(Collected data)
____________
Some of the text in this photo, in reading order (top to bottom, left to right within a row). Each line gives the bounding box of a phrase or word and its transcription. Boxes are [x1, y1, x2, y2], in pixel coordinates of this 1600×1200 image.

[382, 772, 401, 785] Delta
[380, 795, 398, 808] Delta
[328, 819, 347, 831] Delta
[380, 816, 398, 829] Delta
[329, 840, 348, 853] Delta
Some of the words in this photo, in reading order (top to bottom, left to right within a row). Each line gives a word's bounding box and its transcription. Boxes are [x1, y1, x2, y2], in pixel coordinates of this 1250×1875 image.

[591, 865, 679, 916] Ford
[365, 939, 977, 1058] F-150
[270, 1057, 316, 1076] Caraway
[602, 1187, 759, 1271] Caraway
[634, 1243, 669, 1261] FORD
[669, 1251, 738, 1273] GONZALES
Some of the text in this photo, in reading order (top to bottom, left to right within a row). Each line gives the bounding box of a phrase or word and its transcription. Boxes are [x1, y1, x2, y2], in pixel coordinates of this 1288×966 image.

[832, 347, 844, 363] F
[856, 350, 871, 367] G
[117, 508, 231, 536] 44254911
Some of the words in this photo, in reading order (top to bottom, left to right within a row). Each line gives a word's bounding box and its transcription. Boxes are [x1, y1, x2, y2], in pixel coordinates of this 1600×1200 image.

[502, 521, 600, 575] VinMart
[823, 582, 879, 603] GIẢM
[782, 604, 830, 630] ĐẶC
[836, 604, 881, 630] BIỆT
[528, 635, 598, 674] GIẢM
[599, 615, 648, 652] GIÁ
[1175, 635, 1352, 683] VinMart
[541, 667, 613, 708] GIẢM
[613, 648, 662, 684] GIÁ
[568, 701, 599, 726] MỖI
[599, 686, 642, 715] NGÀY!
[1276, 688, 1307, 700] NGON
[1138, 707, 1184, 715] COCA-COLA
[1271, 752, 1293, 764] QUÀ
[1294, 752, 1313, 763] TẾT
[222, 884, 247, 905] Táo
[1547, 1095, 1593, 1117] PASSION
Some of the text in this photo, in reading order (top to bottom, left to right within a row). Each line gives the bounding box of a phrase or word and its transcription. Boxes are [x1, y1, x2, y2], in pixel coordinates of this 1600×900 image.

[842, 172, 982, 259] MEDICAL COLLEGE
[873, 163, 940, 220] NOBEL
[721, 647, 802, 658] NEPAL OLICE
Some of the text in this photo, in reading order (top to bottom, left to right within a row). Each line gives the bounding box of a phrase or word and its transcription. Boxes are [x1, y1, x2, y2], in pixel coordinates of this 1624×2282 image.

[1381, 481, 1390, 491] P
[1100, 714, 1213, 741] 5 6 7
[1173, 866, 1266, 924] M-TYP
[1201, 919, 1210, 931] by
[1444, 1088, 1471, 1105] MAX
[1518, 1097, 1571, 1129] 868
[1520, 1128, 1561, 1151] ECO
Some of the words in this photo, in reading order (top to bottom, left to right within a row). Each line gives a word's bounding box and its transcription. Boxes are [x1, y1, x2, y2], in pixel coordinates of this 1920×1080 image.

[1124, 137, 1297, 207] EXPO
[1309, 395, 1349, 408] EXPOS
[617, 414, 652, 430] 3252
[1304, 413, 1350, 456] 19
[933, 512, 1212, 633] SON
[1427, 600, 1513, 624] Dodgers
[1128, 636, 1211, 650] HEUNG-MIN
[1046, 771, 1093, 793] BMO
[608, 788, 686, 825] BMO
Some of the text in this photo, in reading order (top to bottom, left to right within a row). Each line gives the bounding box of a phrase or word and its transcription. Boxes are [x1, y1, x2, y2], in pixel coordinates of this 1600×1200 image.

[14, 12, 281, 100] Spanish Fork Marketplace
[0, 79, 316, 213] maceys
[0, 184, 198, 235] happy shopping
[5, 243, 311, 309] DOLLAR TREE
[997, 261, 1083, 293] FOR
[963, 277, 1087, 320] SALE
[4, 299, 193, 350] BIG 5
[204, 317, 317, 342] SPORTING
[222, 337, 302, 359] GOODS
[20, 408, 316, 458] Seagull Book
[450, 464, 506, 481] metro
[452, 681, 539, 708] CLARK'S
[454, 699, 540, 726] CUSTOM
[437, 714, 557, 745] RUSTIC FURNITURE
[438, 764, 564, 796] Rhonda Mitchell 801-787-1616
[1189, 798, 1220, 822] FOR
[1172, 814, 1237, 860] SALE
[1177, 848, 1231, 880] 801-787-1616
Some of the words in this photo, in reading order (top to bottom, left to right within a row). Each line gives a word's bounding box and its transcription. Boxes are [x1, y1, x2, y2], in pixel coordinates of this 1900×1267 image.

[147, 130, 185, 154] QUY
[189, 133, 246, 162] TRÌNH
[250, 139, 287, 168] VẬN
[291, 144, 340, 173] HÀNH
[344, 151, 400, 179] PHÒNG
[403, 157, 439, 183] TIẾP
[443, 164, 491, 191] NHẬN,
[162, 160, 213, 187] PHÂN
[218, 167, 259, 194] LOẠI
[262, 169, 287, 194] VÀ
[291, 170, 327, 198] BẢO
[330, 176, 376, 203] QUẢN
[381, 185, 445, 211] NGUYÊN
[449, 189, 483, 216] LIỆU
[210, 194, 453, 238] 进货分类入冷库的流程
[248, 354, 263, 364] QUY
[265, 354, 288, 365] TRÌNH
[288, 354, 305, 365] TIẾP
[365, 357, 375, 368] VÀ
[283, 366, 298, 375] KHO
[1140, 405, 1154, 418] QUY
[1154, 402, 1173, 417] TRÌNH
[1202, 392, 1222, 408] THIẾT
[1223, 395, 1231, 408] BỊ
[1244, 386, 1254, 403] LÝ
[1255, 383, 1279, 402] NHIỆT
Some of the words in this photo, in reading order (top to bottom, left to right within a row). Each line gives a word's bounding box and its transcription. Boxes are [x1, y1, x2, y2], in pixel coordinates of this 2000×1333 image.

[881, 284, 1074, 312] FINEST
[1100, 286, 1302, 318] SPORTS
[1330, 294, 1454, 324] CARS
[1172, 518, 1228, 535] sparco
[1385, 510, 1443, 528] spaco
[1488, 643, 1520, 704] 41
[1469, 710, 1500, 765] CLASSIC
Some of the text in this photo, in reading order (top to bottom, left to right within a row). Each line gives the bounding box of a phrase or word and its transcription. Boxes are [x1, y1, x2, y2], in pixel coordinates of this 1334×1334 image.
____________
▶ _WHAT YOU SHOULD DO_: Retype every line above with nothing changed.

▶ _REPLY TO THE TASK_:
Some of the text in this photo, in reading order (top to bottom, left to right within a row). Each line gives the bounding box of a phrase or word and its transcription. Boxes are [x1, y1, x2, y2], in pixel coordinates of this 1600×1200 image.

[382, 772, 401, 785] Delta
[380, 795, 398, 808] Delta
[328, 819, 347, 831] Delta
[380, 816, 398, 829] Delta
[329, 840, 348, 853] Delta
Some of the words in this photo, in reading order (top to bottom, left to right within a row). Each line gives a word's bounding box and its transcription. Boxes are [x1, y1, x2, y2], in pixel coordinates of this 1250×1875 image.

[591, 865, 679, 916] Ford
[365, 939, 977, 1058] F-150
[270, 1057, 316, 1076] Caraway
[602, 1187, 759, 1271] Caraway
[634, 1243, 669, 1261] FORD
[669, 1251, 738, 1273] GONZALES
Some of the text in this photo, in reading order (top to bottom, left to right within a row). Each line gives the bounding box of a phrase or word and its transcription. Boxes are [x1, y1, x2, y2], in pixel coordinates of this 1288×966 image.

[832, 347, 844, 363] F
[856, 350, 871, 367] G
[117, 508, 231, 536] 44254911
Some of the words in this photo, in reading order (top to bottom, left to right within a row). Each line gives a word's bounding box and its transcription. Boxes are [x1, y1, x2, y2], in pixel coordinates of this 1600×1200 image.

[502, 521, 600, 575] VinMart
[823, 582, 879, 603] GIẢM
[782, 604, 830, 630] ĐẶC
[836, 604, 881, 630] BIỆT
[528, 635, 598, 674] GIẢM
[599, 615, 648, 652] GIÁ
[1175, 635, 1352, 683] VinMart
[541, 667, 613, 708] GIẢM
[613, 648, 662, 684] GIÁ
[568, 701, 599, 726] MỖI
[599, 686, 642, 715] NGÀY!
[1276, 688, 1307, 700] NGON
[1138, 707, 1184, 715] COCA-COLA
[1271, 752, 1293, 764] QUÀ
[1294, 752, 1313, 763] TẾT
[222, 884, 247, 905] Táo
[1547, 1095, 1593, 1117] PASSION
Some of the text in this photo, in reading order (top to bottom, left to right within a row). Each line gives the bounding box of a phrase or word and its transcription. Boxes are [x1, y1, x2, y2], in pixel coordinates of this 1600×900 image.

[842, 172, 982, 259] MEDICAL COLLEGE
[873, 163, 940, 220] NOBEL
[721, 647, 802, 658] NEPAL OLICE
Some of the text in this photo, in reading order (top to bottom, left to right within a row). Each line gives the bounding box of a phrase or word and its transcription. Boxes are [x1, y1, x2, y2], in pixel coordinates of this 1624×2282 image.

[1381, 481, 1390, 491] P
[1100, 714, 1213, 741] 5 6 7
[1173, 866, 1266, 924] M-TYP
[1201, 919, 1210, 931] by
[1444, 1088, 1471, 1105] MAX
[1518, 1097, 1571, 1129] 868
[1520, 1128, 1561, 1151] ECO
Some of the words in this photo, in reading order (top to bottom, left to right within a row). Each line gives a word's bounding box and its transcription. Boxes are [x1, y1, x2, y2], in pixel coordinates of this 1920×1080 image.

[1124, 137, 1297, 207] EXPO
[1309, 395, 1349, 408] EXPOS
[617, 414, 652, 430] 3252
[1304, 413, 1350, 456] 19
[933, 512, 1212, 633] SON
[1427, 600, 1513, 624] Dodgers
[1128, 636, 1211, 650] HEUNG-MIN
[1046, 771, 1093, 793] BMO
[608, 788, 686, 825] BMO
Some of the text in this photo, in reading order (top to bottom, left to right within a row). Each line gives the bounding box of a phrase or word and its transcription. Boxes are [x1, y1, x2, y2], in pixel coordinates of this 1600×1200 image.

[14, 12, 281, 100] Spanish Fork Marketplace
[0, 79, 316, 213] maceys
[0, 184, 198, 235] happy shopping
[5, 243, 311, 309] DOLLAR TREE
[997, 261, 1083, 293] FOR
[963, 277, 1087, 320] SALE
[4, 299, 193, 350] BIG 5
[204, 317, 317, 342] SPORTING
[222, 337, 302, 359] GOODS
[20, 408, 316, 458] Seagull Book
[450, 464, 506, 481] metro
[452, 681, 539, 708] CLARK'S
[454, 699, 540, 726] CUSTOM
[437, 714, 557, 745] RUSTIC FURNITURE
[438, 764, 564, 796] Rhonda Mitchell 801-787-1616
[1189, 798, 1220, 822] FOR
[1172, 814, 1237, 860] SALE
[1177, 848, 1231, 880] 801-787-1616
Some of the words in this photo, in reading order (top to bottom, left to right within a row). Each line gives a word's bounding box and its transcription. Boxes are [x1, y1, x2, y2], in pixel coordinates of this 1900×1267 image.

[147, 130, 185, 154] QUY
[189, 133, 246, 162] TRÌNH
[250, 139, 287, 168] VẬN
[291, 144, 340, 173] HÀNH
[344, 151, 400, 179] PHÒNG
[403, 157, 439, 183] TIẾP
[443, 164, 491, 191] NHẬN,
[162, 160, 213, 187] PHÂN
[218, 167, 259, 194] LOẠI
[262, 169, 287, 194] VÀ
[291, 170, 327, 198] BẢO
[330, 176, 376, 203] QUẢN
[381, 185, 445, 211] NGUYÊN
[449, 189, 483, 216] LIỆU
[210, 194, 453, 238] 进货分类入冷库的流程
[248, 354, 263, 364] QUY
[265, 354, 288, 365] TRÌNH
[288, 354, 305, 365] TIẾP
[365, 357, 375, 368] VÀ
[283, 366, 298, 375] KHO
[1140, 405, 1154, 418] QUY
[1154, 402, 1173, 417] TRÌNH
[1202, 392, 1222, 408] THIẾT
[1223, 395, 1231, 408] BỊ
[1244, 386, 1254, 403] LÝ
[1255, 383, 1279, 402] NHIỆT
Some of the words in this photo, in reading order (top to bottom, left to right within a row). Each line gives a word's bounding box and its transcription. Boxes are [x1, y1, x2, y2], in pixel coordinates of this 2000×1333 image.

[881, 284, 1074, 312] FINEST
[1100, 286, 1302, 318] SPORTS
[1330, 294, 1454, 324] CARS
[1172, 518, 1228, 535] sparco
[1385, 510, 1443, 528] spaco
[1488, 643, 1520, 704] 41
[1469, 710, 1500, 765] CLASSIC
Some of the text in this photo, in reading order (top to bottom, left to right within a row). Each line gives the bounding box of a phrase or word and its transcription. Boxes are [x1, y1, x2, y2], in pixel coordinates of this 1334×1334 image.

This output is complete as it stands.